[TASK PROMPT]
Verbatim reproduction of the entries is required; images must be omitted.

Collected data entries
%%

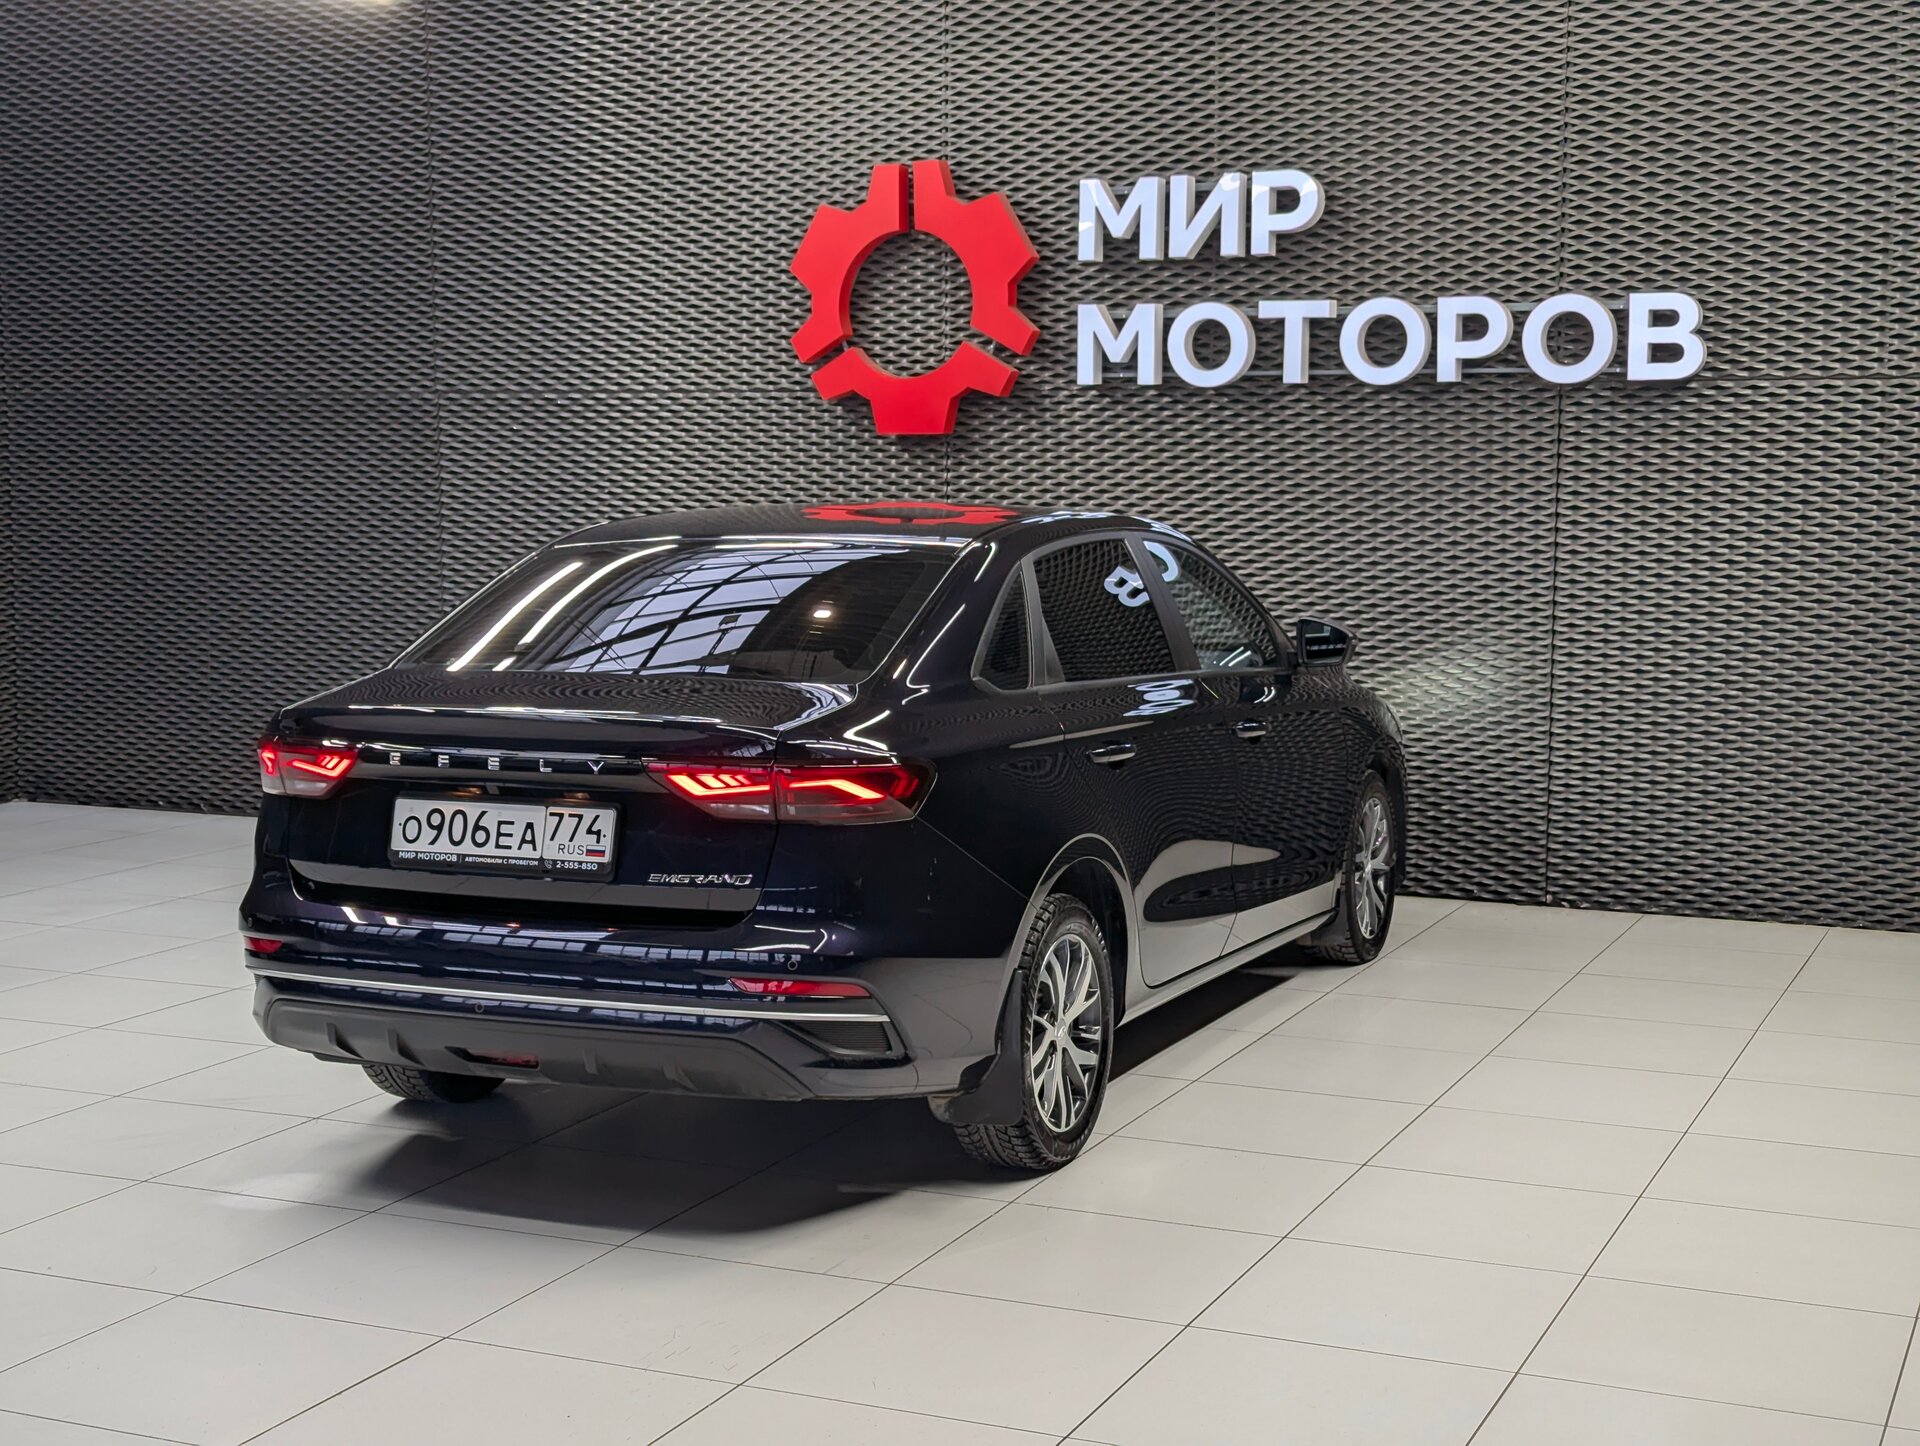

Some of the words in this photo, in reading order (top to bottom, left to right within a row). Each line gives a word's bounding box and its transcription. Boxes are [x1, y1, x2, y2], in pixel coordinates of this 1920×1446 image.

[1076, 168, 1325, 262] МИР
[1076, 292, 1707, 387] МОТОРОВ
[548, 812, 602, 845] 774
[557, 843, 585, 856] RUS
[398, 851, 416, 859] МИР
[417, 852, 458, 862] МОТОРОВ
[464, 856, 503, 864] АВТОМОБИЛИ
[555, 861, 598, 871] 2-555-850
[648, 873, 753, 886] EMGRAND
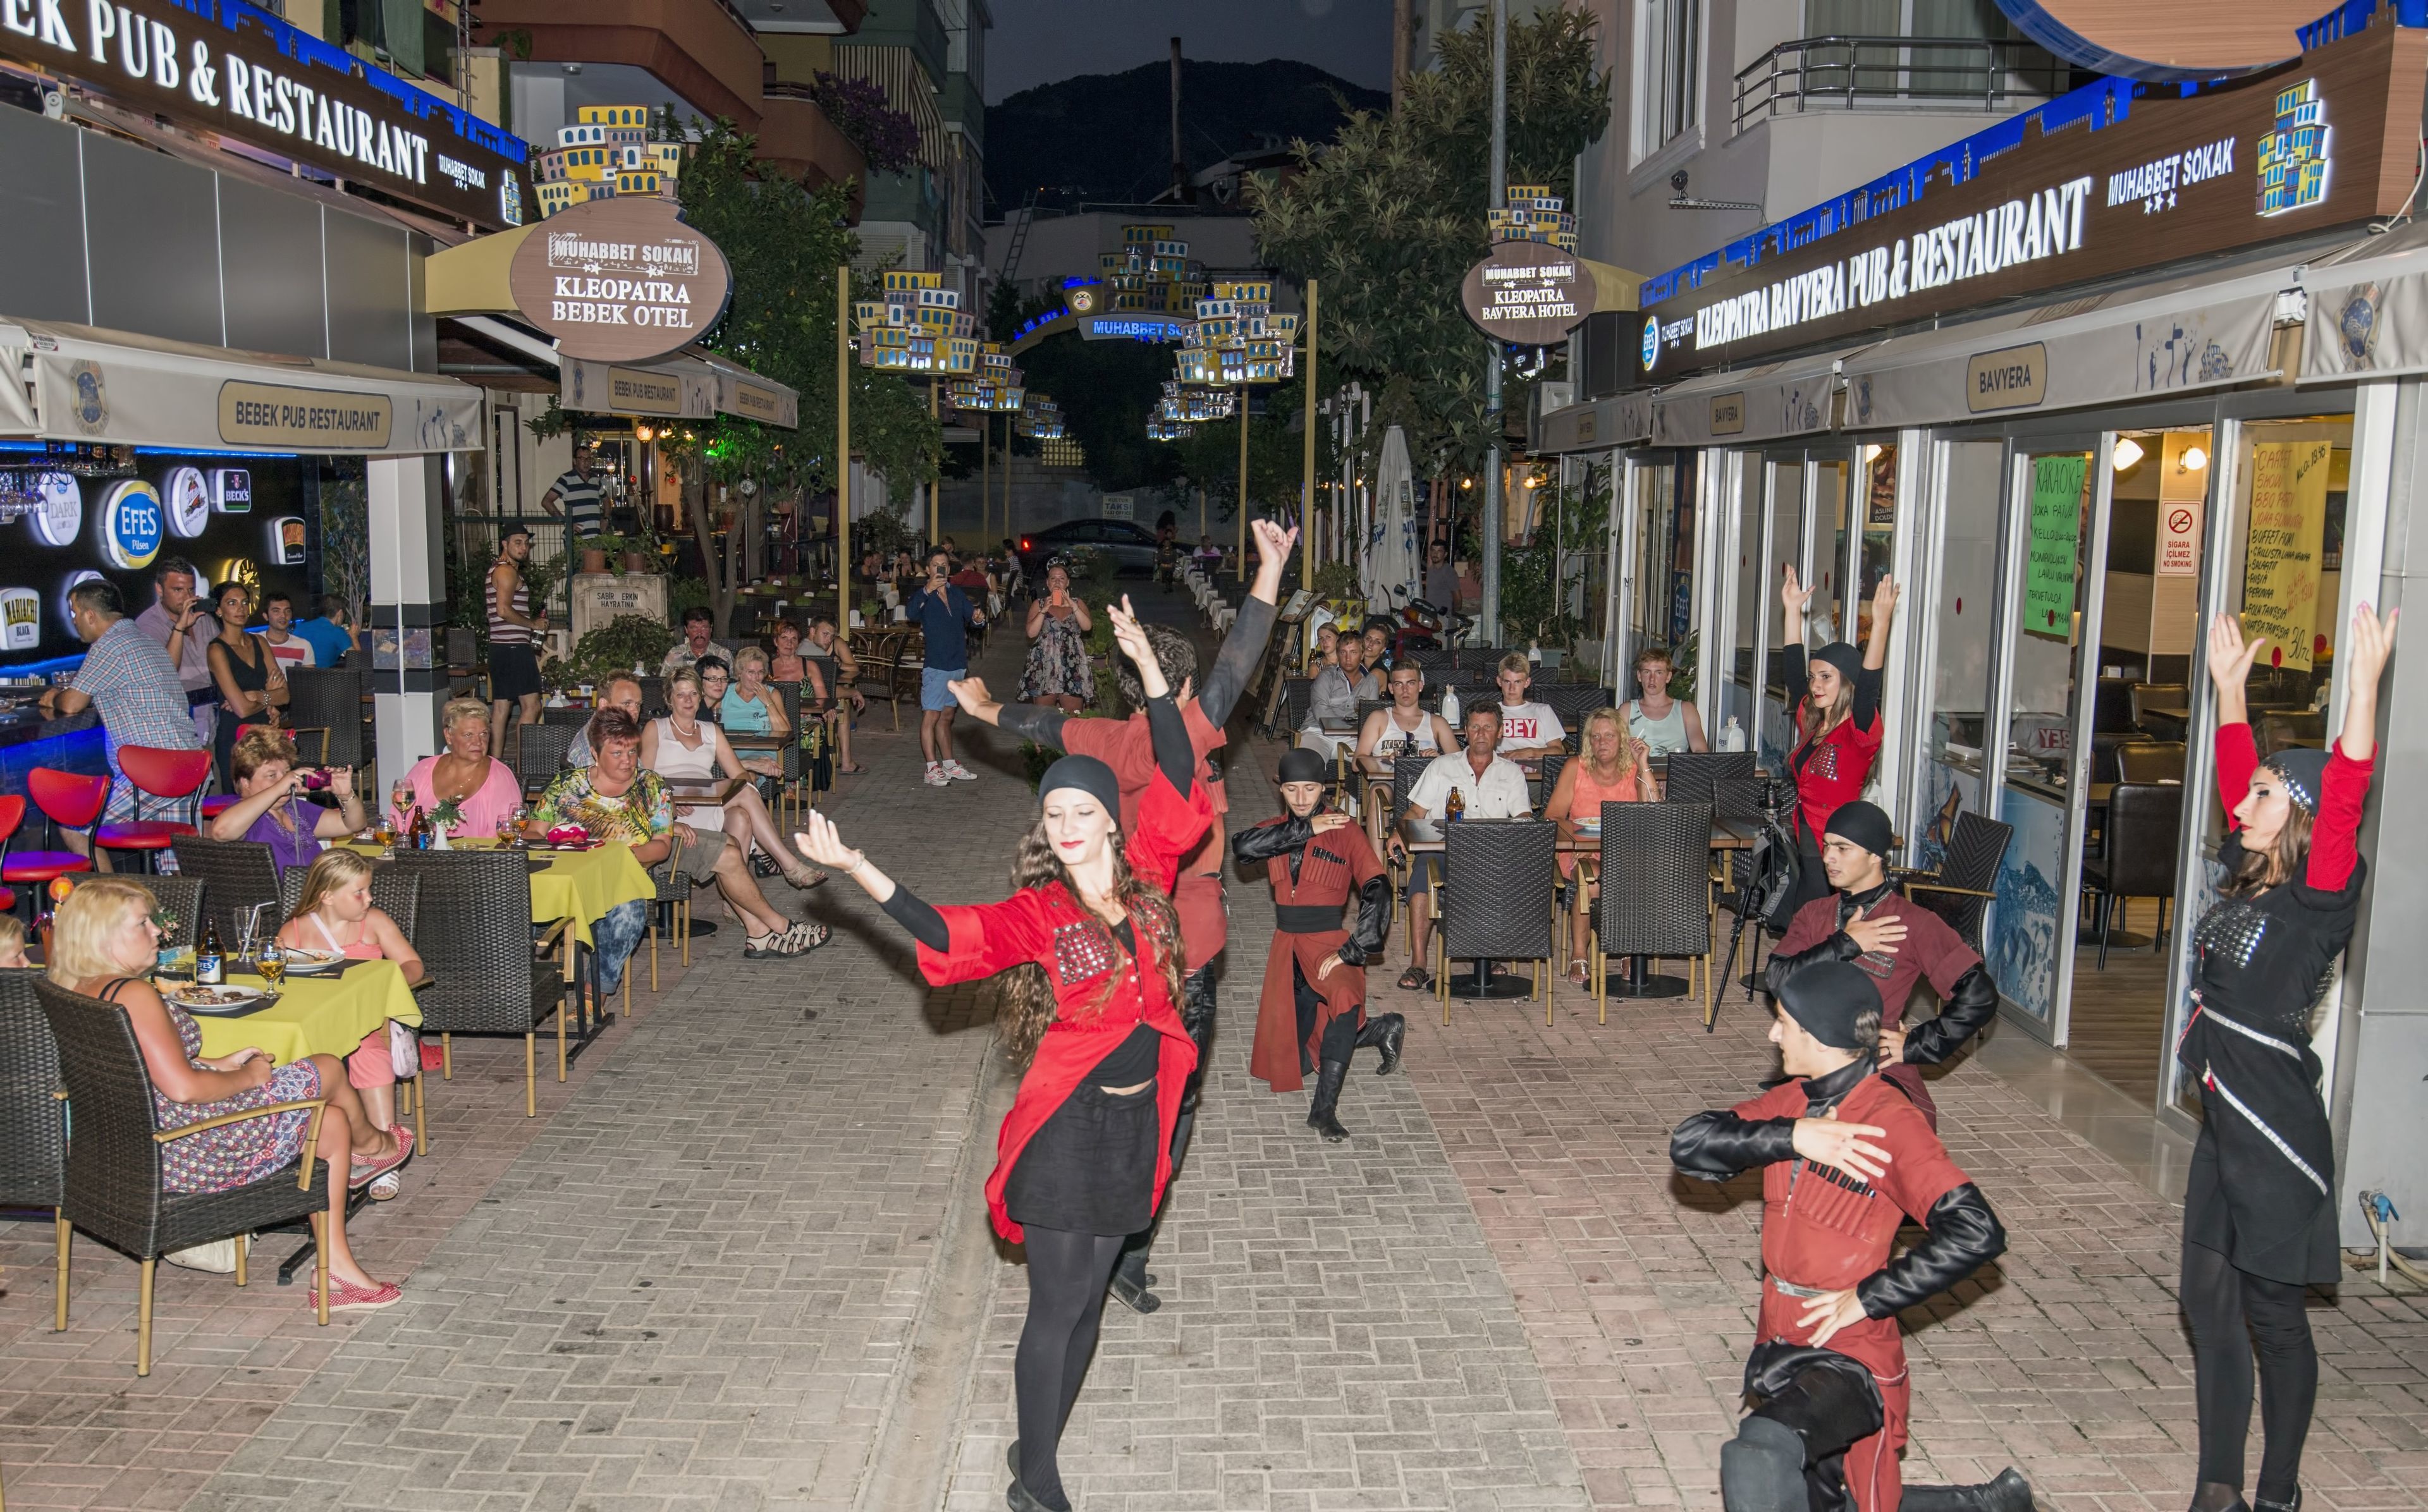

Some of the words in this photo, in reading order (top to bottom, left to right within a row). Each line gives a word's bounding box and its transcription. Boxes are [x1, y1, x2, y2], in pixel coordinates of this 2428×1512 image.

[89, 0, 180, 88] PUB
[190, 40, 220, 106] &
[226, 53, 428, 185] RESTAURANT
[439, 154, 467, 182] MUHABBET
[468, 166, 486, 190] SOKAK
[2107, 154, 2181, 207] MUHABBET
[2182, 136, 2235, 186] SOKAK
[555, 240, 637, 260] MUHABBET
[642, 245, 693, 264] SOKAK
[1695, 286, 1769, 350] KLEOPATRA
[1770, 260, 1846, 331] BAVYERA
[1846, 246, 1889, 310] PUB
[1889, 239, 1908, 300] &
[1908, 176, 2091, 293] RESTAURANT
[1485, 267, 1537, 280] MUHABBET
[1540, 265, 1572, 278] SOKAK
[555, 276, 691, 303] KLEOPATRA
[1494, 288, 1565, 304] KLEOPATRA
[552, 301, 628, 325] BEBEK
[634, 306, 694, 328] OTEL
[1482, 305, 1538, 320] BAVYERA
[1538, 303, 1578, 317] HOTEL
[1094, 321, 1165, 336] MUHABBET
[1979, 363, 2032, 394] BAVYERA
[615, 380, 632, 397] BEBEK
[633, 383, 644, 398] PUB
[644, 384, 676, 401] RESTAURANT
[236, 401, 279, 427] BEBEK
[282, 405, 305, 429] PUB
[310, 408, 381, 432] RESTAURANT
[1715, 406, 1738, 424] BAVYERA
[2035, 459, 2082, 496] KARAOKE
[2257, 473, 2283, 489] SHOW
[225, 488, 249, 502] BECK'S
[50, 501, 77, 518] DARK
[2033, 504, 2049, 516] JOKA
[121, 506, 157, 536] EFES
[2033, 527, 2055, 540] KELLO
[2251, 529, 2281, 545] BUFFET
[132, 539, 150, 551] Pilsen
[2167, 540, 2190, 549] SİGARA
[2166, 550, 2190, 559] İÇİLMEZ
[601, 601, 635, 609] HAYRATINA
[2028, 589, 2062, 604] TERVETULOA
[4, 598, 38, 627] MARIACHI
[1675, 594, 1689, 620] EFES
[16, 625, 30, 637] BLACK
[197, 960, 213, 969] EFES

%%

[RESPONSE]
Some of the words in this photo, in reading order (top to bottom, left to right within a row). Each line gives a word's bounding box and its transcription. Boxes are [x1, y1, x2, y2], in pixel coordinates of this 1920×1446 image.

[1076, 168, 1325, 262] МИР
[1076, 292, 1707, 387] МОТОРОВ
[548, 812, 602, 845] 774
[557, 843, 585, 856] RUS
[398, 851, 416, 859] МИР
[417, 852, 458, 862] МОТОРОВ
[464, 856, 503, 864] АВТОМОБИЛИ
[555, 861, 598, 871] 2-555-850
[648, 873, 753, 886] EMGRAND

Some of the words in this photo, in reading order (top to bottom, left to right within a row). Each line gives a word's bounding box and its transcription. Boxes are [x1, y1, x2, y2], in pixel coordinates of this 2428×1512 image.

[89, 0, 180, 88] PUB
[190, 40, 220, 106] &
[226, 53, 428, 185] RESTAURANT
[439, 154, 467, 182] MUHABBET
[468, 166, 486, 190] SOKAK
[2107, 154, 2181, 207] MUHABBET
[2182, 136, 2235, 186] SOKAK
[555, 240, 637, 260] MUHABBET
[642, 245, 693, 264] SOKAK
[1695, 286, 1769, 350] KLEOPATRA
[1770, 260, 1846, 331] BAVYERA
[1846, 246, 1889, 310] PUB
[1889, 239, 1908, 300] &
[1908, 176, 2091, 293] RESTAURANT
[1485, 267, 1537, 280] MUHABBET
[1540, 265, 1572, 278] SOKAK
[555, 276, 691, 303] KLEOPATRA
[1494, 288, 1565, 304] KLEOPATRA
[552, 301, 628, 325] BEBEK
[634, 306, 694, 328] OTEL
[1482, 305, 1538, 320] BAVYERA
[1538, 303, 1578, 317] HOTEL
[1094, 321, 1165, 336] MUHABBET
[1979, 363, 2032, 394] BAVYERA
[615, 380, 632, 397] BEBEK
[633, 383, 644, 398] PUB
[644, 384, 676, 401] RESTAURANT
[236, 401, 279, 427] BEBEK
[282, 405, 305, 429] PUB
[310, 408, 381, 432] RESTAURANT
[1715, 406, 1738, 424] BAVYERA
[2035, 459, 2082, 496] KARAOKE
[2257, 473, 2283, 489] SHOW
[225, 488, 249, 502] BECK'S
[50, 501, 77, 518] DARK
[2033, 504, 2049, 516] JOKA
[121, 506, 157, 536] EFES
[2033, 527, 2055, 540] KELLO
[2251, 529, 2281, 545] BUFFET
[132, 539, 150, 551] Pilsen
[2167, 540, 2190, 549] SİGARA
[2166, 550, 2190, 559] İÇİLMEZ
[601, 601, 635, 609] HAYRATINA
[2028, 589, 2062, 604] TERVETULOA
[4, 598, 38, 627] MARIACHI
[1675, 594, 1689, 620] EFES
[16, 625, 30, 637] BLACK
[197, 960, 213, 969] EFES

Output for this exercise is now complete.